Buying an SSL certificate can seem like a complicated and painful experience. How do you know which certificate to choose, what does a wildcard certificate have that a standard domain validated SSL certificate doesn’t, and will your certificate protect website visitors from viruses? In this blog post we’re going to tackle these and other questions. By the end, we’ll have SSL certificates explained in simple terms to help you make an informed decision about which product to buy or what step to take next.
SSL certificates explained
What is an SSL certificate?
An SSL certificate is a small data file that’s used to digitally encrypt data transferred from one place to another online.
SSL stands for Secure Socket Layer, which is also the protocol that’s responsible for securing data transferred.
SSL certificates are used to encrypt information online because without them, hackers and anyone with malicious intent would be able see sensitive information like personal identification numbers, credit card information and other private data not meant to be shared publicly.
Now that we have SSL certificates explained, let’s take a look at some of the most common misconceptions people have about them.
1. SSL protects your website from viruses
While SSL certificates can secure data transferred between two points (your computer and the server/website you are visiting), they do not protect your website from viruses or malware. Malware can infect a website in many ways, and one of the most common website-related malware attacks is due to a Man-in-the-middle attack (MITM).
MITM attacks, however, take place when websites do not have SSL certificates, making it easy for hackers to “sit in the middle” of traffic sent between the website and a website visitor’s computer.
2. SSL slows your website load time
SSL has long been rumored to slow website load times, as well as networks, but that’s just not true. SSL consumes an almost infinitesimal amount of bandwidth on both your website, the websites visitor’s computer and any network you may be using, and this amount of consumption is set to get even smaller as hardware and bandwidth advance.
3. You only need to use SSL on pages with web forms
SSL connections have long been used to secure pages that capture sensitive information, and the idea of only securing these pages was thought to be a good one. However, it is not, and to illustrate why, I’ll use the analogy of a house robbery.

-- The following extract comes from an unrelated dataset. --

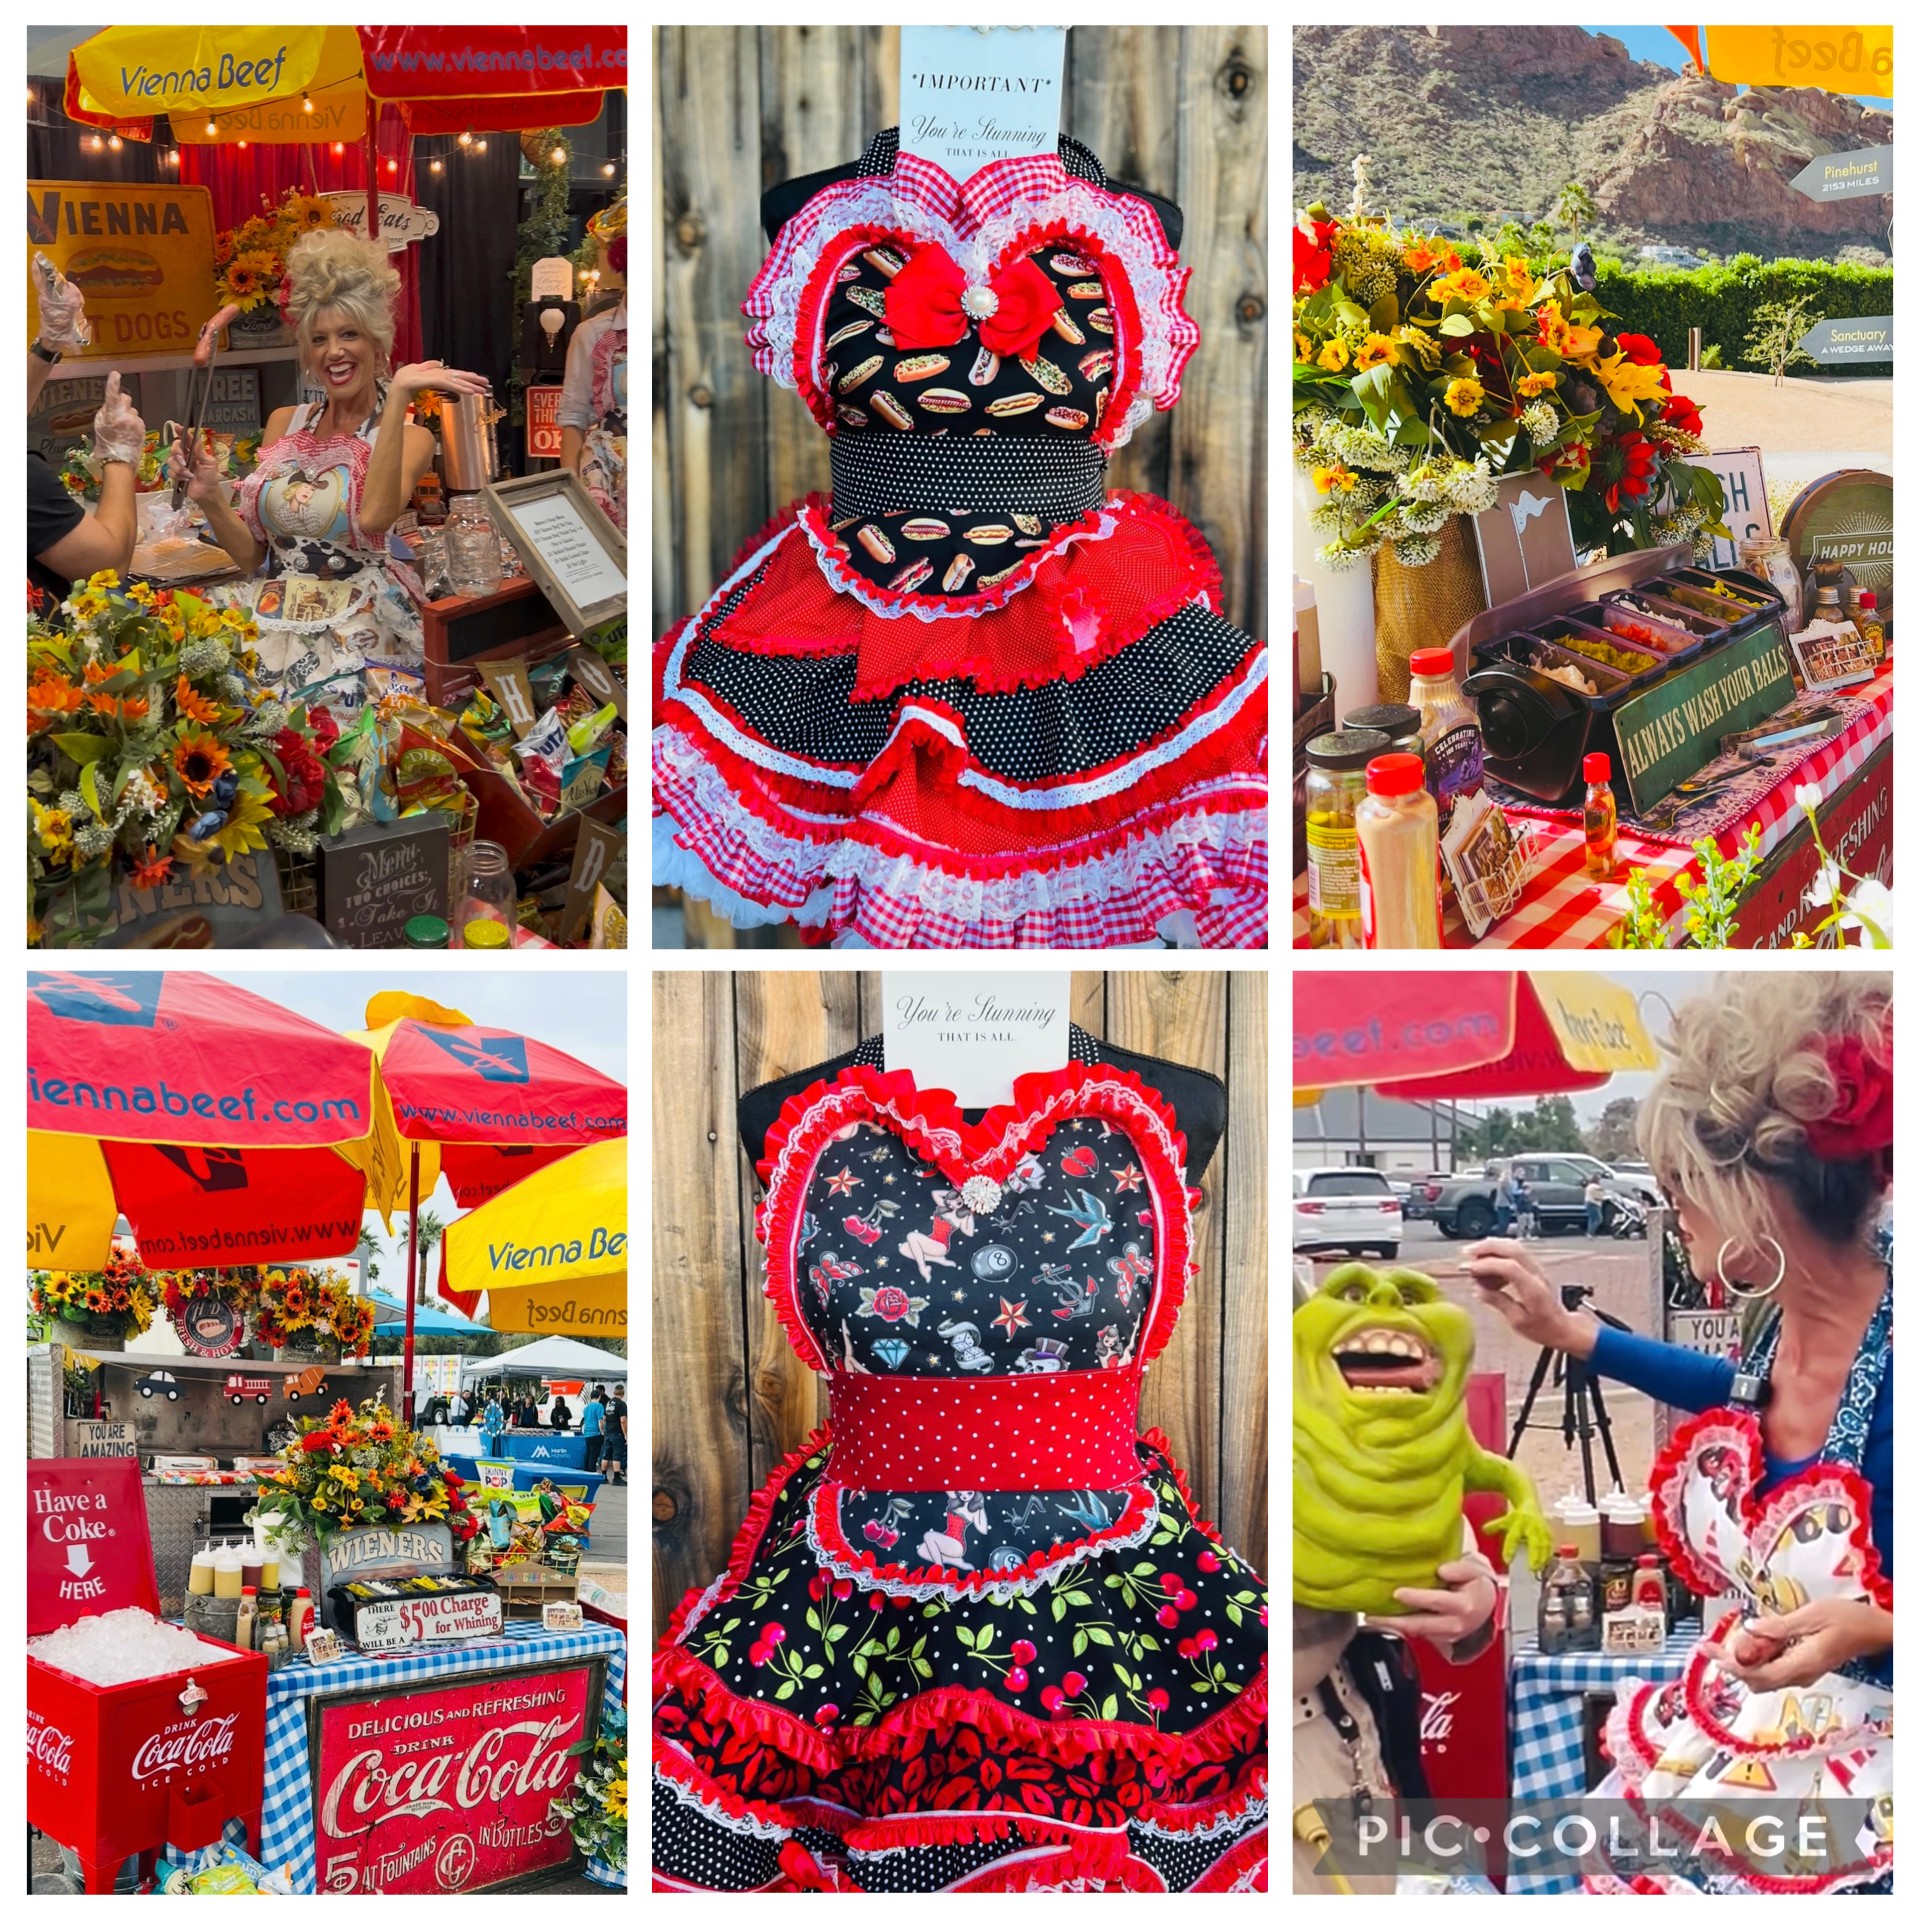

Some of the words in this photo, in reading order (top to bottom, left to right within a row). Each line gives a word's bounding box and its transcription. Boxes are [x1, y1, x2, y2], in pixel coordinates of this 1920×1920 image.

When leaving your home for an evening out, you make sure that all doors are locked and windows shut securely. This way, you leave the house assured that you’ve done all you can to protect your possessions.
If, however, you locked all doors and decided to leave the kitchen window open, a burglar could easily gain access to your home.
Having an SSL certificate on only one page and leaving the rest of your website unprotected is very much the same as leaving your kitchen window open. Hackers can impersonate the website (through a MITM hack) and access information on a website visitor’s computer.
4. You can secure an IP address with any SSL certificate
While almost all SSL certificates must be issued to a fully qualified domain name (such as www.mydomain.com), most SSL certificates with Subject Alternate Name (SAN) functionality can allow an IP address to be secured.
5. SSL certificates don’t secure subdirectories
SSL certificates can be used to secure subdomains as well as subdirectories. In fact, using subdirectories can be beneficial for websites that host different website properties under one domain, as Google rewards subdirectories with better search rankings.
6. All SSL certificates are the same
While all SSL certificates provide encryption, not all offer the same functionality. For example, the SAN certificate allows you to secure multiple fully qualified domain name, while a single domain certificate only secures one domain.
7. Wildcard SSL certificates can secure multiple fully qualified domains
Wildcard and UC certificate functionality are often confused as they both offer the ability to secure more than one online property.
In the case of a wildcard certificate, you can secure an unlimited number of subdomains on one specific domain, as illustrated below:
SAN certificates, on the other hand, allow you to secure multiple fully qualified domains, as seen below:
There you have it! You now know more about SSL certificates and, most importantly, can use this information to make an informed decision about your next SSL certificate order.